There are no Kris Bryants in the pipeline. No Carlos Correas or Kyle Schwarbers — impact players who hit the ground running. There aren’t even any Byron Buxtons or Joc Pedersons — potential impact bats who are still adjusting to the majors. There is nothing like that in their minor league system, and certainly not far enough along the developmental path to help in 2016.

And I can’t even trust the Mets to make the right off-season moves. It’s very easy to sweep the highly-panned and eventually disastrous Michael Cuddyer signing under the rug after the team’s “successful” year. Oh yeah, did you forget that?

When it comes to the perception of their deep pitching, there continues to be talk about dealing an arm. There are rumors of a potential Matt Harvey for Ryan Braun trade, which would be right in line with the club’s narrow mindset — deal one of the best pitchers in the league for a 31-year-old coming off a minor post-peak resurgence. Forget that his 2015 stat line still pales in comparison to his PED-fueled peak seasons, and that the park effects moving from Milwaukee to CitiField could lop off 20 points of batting average and a half dozen HRs.

You never have enough pitching. I always think about the 2013 Dodgers. They had eight legitimate starting pitchers coming out of camp that year and ended up struggling to find even three healthy arms by the middle of the season.

Of course, you can say this about every team. But when the only real asset a team has is its starting pitchers, there is virtually no margin for error.

The Mets’ 2015 run has given us the false impression that this is a good team. It was not a good team coming into 2015, it was not a significantly better team coming into the post-season, and it could well be a lot weaker team going into 2016.

So I can’t bring myself to join my fellow Mets fans in celebrating our success — the Royals made that contention look foolish. Instead, I lament the fact that Mets brass will likely take advantage of this false goodwill to continue along their normal ineffective path.

And that makes this Mets fan sad. And jaded and cynical. But also sad.

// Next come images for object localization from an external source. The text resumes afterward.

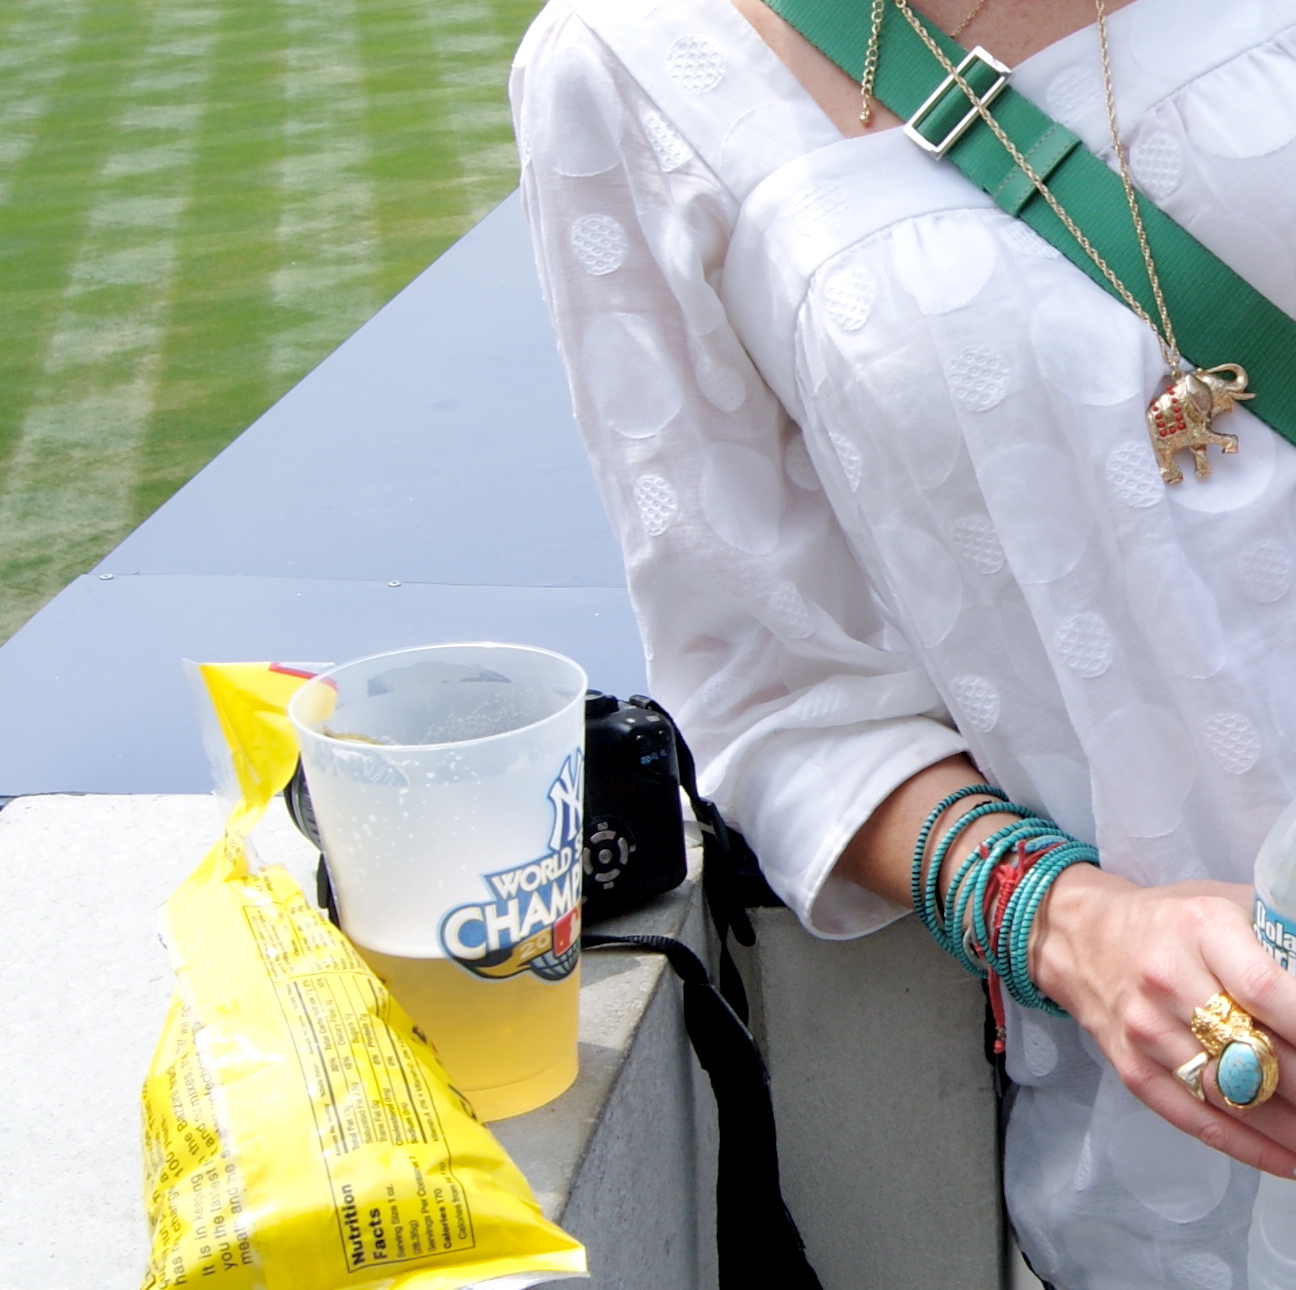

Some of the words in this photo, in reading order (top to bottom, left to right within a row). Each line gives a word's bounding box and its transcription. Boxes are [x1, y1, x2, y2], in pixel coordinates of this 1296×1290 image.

[491, 846, 573, 900] WORLD
[443, 860, 583, 961] CHAMP
[346, 1119, 354, 1132] Fat
[358, 1110, 373, 1144] Saturated
[377, 1123, 388, 1142] Trans
[385, 1104, 404, 1146] Cholesterol
[348, 1132, 360, 1152] Total
[419, 1198, 430, 1215] Per
[433, 1188, 445, 1205] 170
[449, 1184, 460, 1204] from
[213, 1215, 228, 1240] the
[341, 1184, 366, 1266] Nutrition
[390, 1205, 400, 1225] Size
[438, 1206, 452, 1249] Calories
[453, 1203, 467, 1240] Calories
[194, 1226, 207, 1240] in
[369, 1208, 388, 1260] Facts
[394, 1225, 406, 1258] Serving
[423, 1215, 436, 1252] Servings
[198, 1245, 212, 1259] is
[218, 1242, 239, 1272] you
[201, 1264, 216, 1277] It
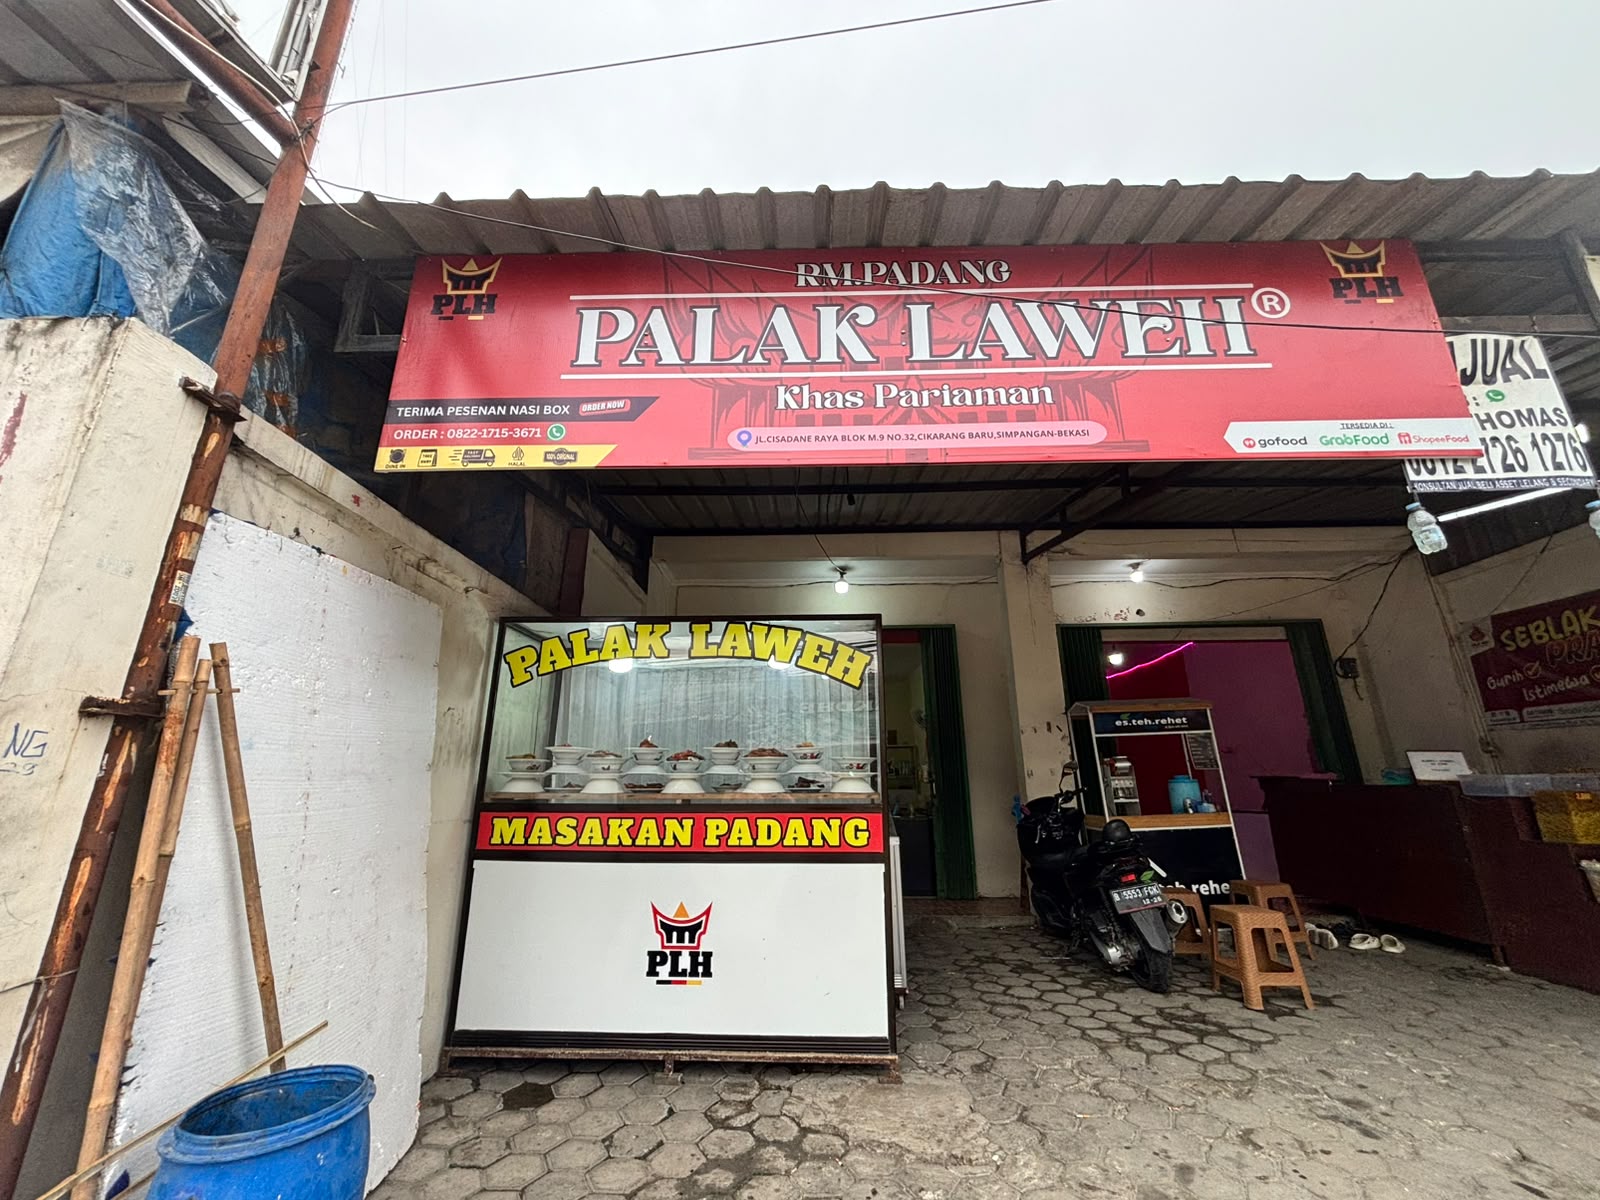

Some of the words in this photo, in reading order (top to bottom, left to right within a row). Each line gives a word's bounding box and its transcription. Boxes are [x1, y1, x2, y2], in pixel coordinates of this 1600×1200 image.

[795, 260, 1012, 288] RM.PADANG
[1328, 276, 1404, 299] PLH
[431, 293, 498, 315] PLH
[571, 303, 880, 368] PALAK
[906, 295, 1257, 363] LAWEH
[581, 402, 607, 412] ORDER
[606, 400, 626, 410] NOW
[775, 383, 864, 411] Khas
[874, 382, 1055, 409] Pariaman
[396, 406, 444, 418] TERIMA
[446, 405, 508, 417] PESENAN
[510, 404, 541, 416] NASI
[546, 404, 570, 415] BOX
[394, 429, 438, 440] ORDER
[447, 427, 542, 440] 0822-1715-3671
[755, 434, 812, 445] JL.CISADANE
[814, 434, 839, 443] RAYA
[841, 433, 866, 443] BLOK
[868, 433, 885, 442] M.9
[1257, 435, 1308, 448] gofood
[1319, 432, 1390, 447] GrabFood
[1413, 434, 1470, 445] ShopeeFood
[1530, 431, 1589, 473] 1276
[1501, 605, 1600, 652] SEBLAK
[503, 622, 671, 687] PALAK
[689, 622, 873, 690] LAWEH
[1487, 669, 1524, 690] Gurih
[1522, 674, 1590, 702] Istimewa
[1114, 715, 1189, 727] es.teh.rehet
[2, 721, 49, 759] NG
[490, 815, 694, 848] MASAKAN
[703, 815, 871, 849] PADANG
[1122, 888, 1143, 900] 5553
[645, 950, 713, 978] PLH

5 thoughts on “My fandom has been contaminated

  1. Robert Friedland

    Ron, I always enjoy your POV and have been a Forecaster fan for years.
    Not to nitpick, but Matz and deGrom both had TJS, leaving only Syndergaard as the Mets starter who has avoided it.
    If they do what they seem to need to do, ie. improve infield defense, strengthen the bullpen and add another bat, that pitching (assuming no more than the usual # of DL trips for a starting staff) will keep them in the playoff discussion next year. Adding some speed would be a good idea, too.
    Can’t predict baseball players, but I’m excited about the potential next steps for young guys like Flores (.263 16 HR playing out of position) d’Arnaud, Duda and Conforto. No idea what to expect from Wright and we will see if this new version of Granderson shows up again next year.
    Cheers.

    1. shandler Post author

      Yikes. you’re right. Pure adrenaline drove me to write this and I erred on the TJS victims. I’ll fix it.

  2. Ariel Cohen

    Ron,

    I feel bad for you that you walk away from the World Series feeling sad, jaded and cynical.

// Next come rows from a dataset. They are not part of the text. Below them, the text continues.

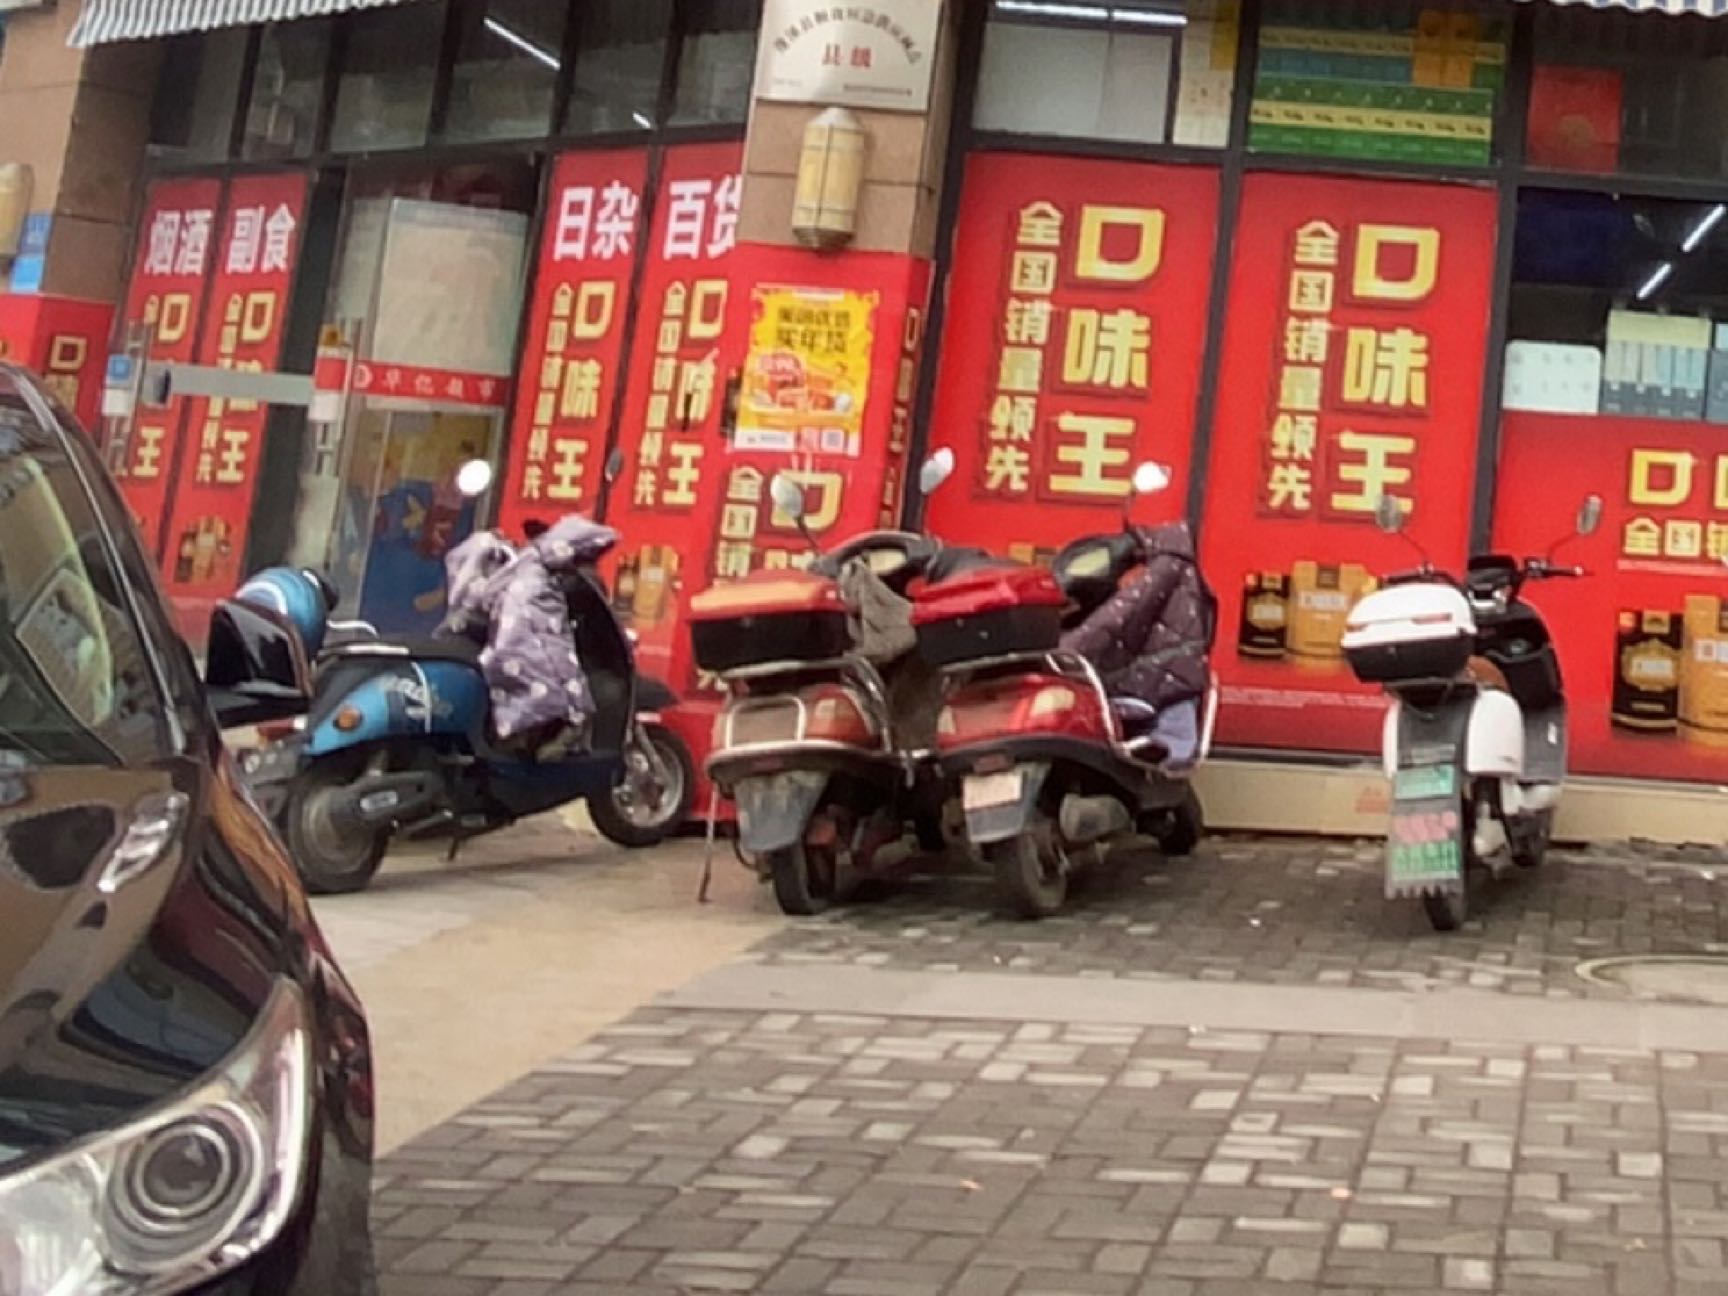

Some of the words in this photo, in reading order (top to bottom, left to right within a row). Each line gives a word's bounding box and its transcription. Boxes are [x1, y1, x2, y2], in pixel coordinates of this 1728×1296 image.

[144, 209, 212, 275] 烟酒
[226, 203, 295, 275] 副食
[554, 180, 640, 261] 日杂
[664, 175, 742, 260] 百货
[547, 280, 616, 500] 口味王
[986, 200, 1063, 492] 全国销量领先
[1049, 204, 1165, 495] 口味王
[1267, 220, 1339, 511] 全国销量领先
[1331, 224, 1440, 514] 口味王

    I feel just the opposite.

    Starting with July 31, and until the top of the 12th inning of Game 5 of the World Series, when you watched a Met game, you know you had a chance to win the game. In fact, you knew you had a good chance to win the game. No matter if the Mets were down by 5 runs in Philly, or down 6 runs to the Nationals, or by a pair in Coors field … you felt as if the Mets could and would come back to win. You didn’t turn the TV off … you watched remarkably as they came back to win. You watched as every Met contributed. You invited the Mets into your home, and became a family with them … feeling the good times, and the bad … but mostly good.

    You watched as the Mets clinched with a Duda grand slam and Wright homer in Cincy. You watched deGrom battle in LA. You watched Murphy mash everything. You saw Conforto blossom, and Granderson reach back into his experience. You kept saying to yourself (as I know I did), “Lets Go Mets, Lets Go Mets!” You felt that our team could do anything. And we did almost everything.

    So you can calculate the Mets’ expected WAR next season, and see pieces leave and holes form. You can be skeptical that Alderson can’t replace what we had, and that our prospects don’t rank as high as other teams.

    But when I sit watching the games every night with my 2 children of 5 and 7 years, who know every players name, and who know which Mets can homer, who can steal and which throw hard – and they chant, “Let’s Go Mets, Lets Go Mets” until the very very end – You have baseball at its greatest. I’ll never ever forget the past few weeks and months. Neither will my children, who want to hit like Daniel Ruth-Murphy.

    So I walk away here from 2015 with my head held high – that the good times that the Mets gave me – will last a lifetime.

    I don’t know what 2016 will bring, and I don’t care. All I will remember and take away is that we are National League champions. The pennant has risen, and as you always say, “Flags fly forever.”

    1969 was the Miracle Mets. 1986 were the Amazin’s. Perhaps, in 2015, they were the Magical Mets.

    For my children, for me … 2015 was simply amazing. Simply magical. I wouldn’t ask for anything different.

    Lets Go Mets

    Ariel

  3. Steve Bedney

    As much as I enjoyed the run, and I did enjoy it and went to each of the three rounds, you speak the truth, Old Friend. They were on an unreal run, won a division that it seems no-one else wanted. Had a classic with the Dodgers…that was a nail-biting series for sure! Surprisingly easy time with The Cubs. Then The Sries. I will admit to being a lifelong fan that was happy the team was in The World Series. Still am. I don’t see a dunasty out of this..I see a fun year that went beyond anyone’s expectations. I celebrate it for that.

    Part of the lifelong part, and I speak without your analytics in my background, is that you wait for the stars to misaling and some year like this to happen. Then you sit back, knowing the brass will muck it up, and wonder when again. This year was at times painful to watch, at times a joy. When they were on, they were really on. When not, well, we saw that. You cannot win a World Series…or a midseason series against [FILL IN THE BLANK] when you manage one run and two hits in a game. And there was a lot of that. Cespedes and Murphy got us there, then pretty much disappeared. Your analysis of them is dead on. The team is all starting pitching. That is amazing to watch. Middle relief? Try to find it. The penchant for having to go to the 7-8=9 inning guys all the time? Everyone at that stadium Saturday night had a terrible feeling knowing what that 8th would bring with Clippard and the top of the Royals order. And it did, Murphy’s error notwithstanding. Never a hint there at situational managing, which was an issue all year. And the Captain? Won’t go there. Spinal Stenosis is not going to go away. Underhand throws to first in any situation…especially key situations with tying runs at third…simply won’t do it.

    I could go on. But you’ve already covered it VERY well. So, to your point. No, I am not jaded. I am celebrating that we had a fun season with a not-so-fun end. We knew the soft underbelly was there, and will be at least as pronounced next year, but this year provided some extra miles and extra smiles. I understand the sadness, because in the end you are right. That is the path management will take, and try to sell us. Always have, and this management team always will. But I’ll take my autumn 2015 and enjoy the unexpected journey it brought.

    1. shandler Post author

      Thanks, Steve, for finding some silver linings.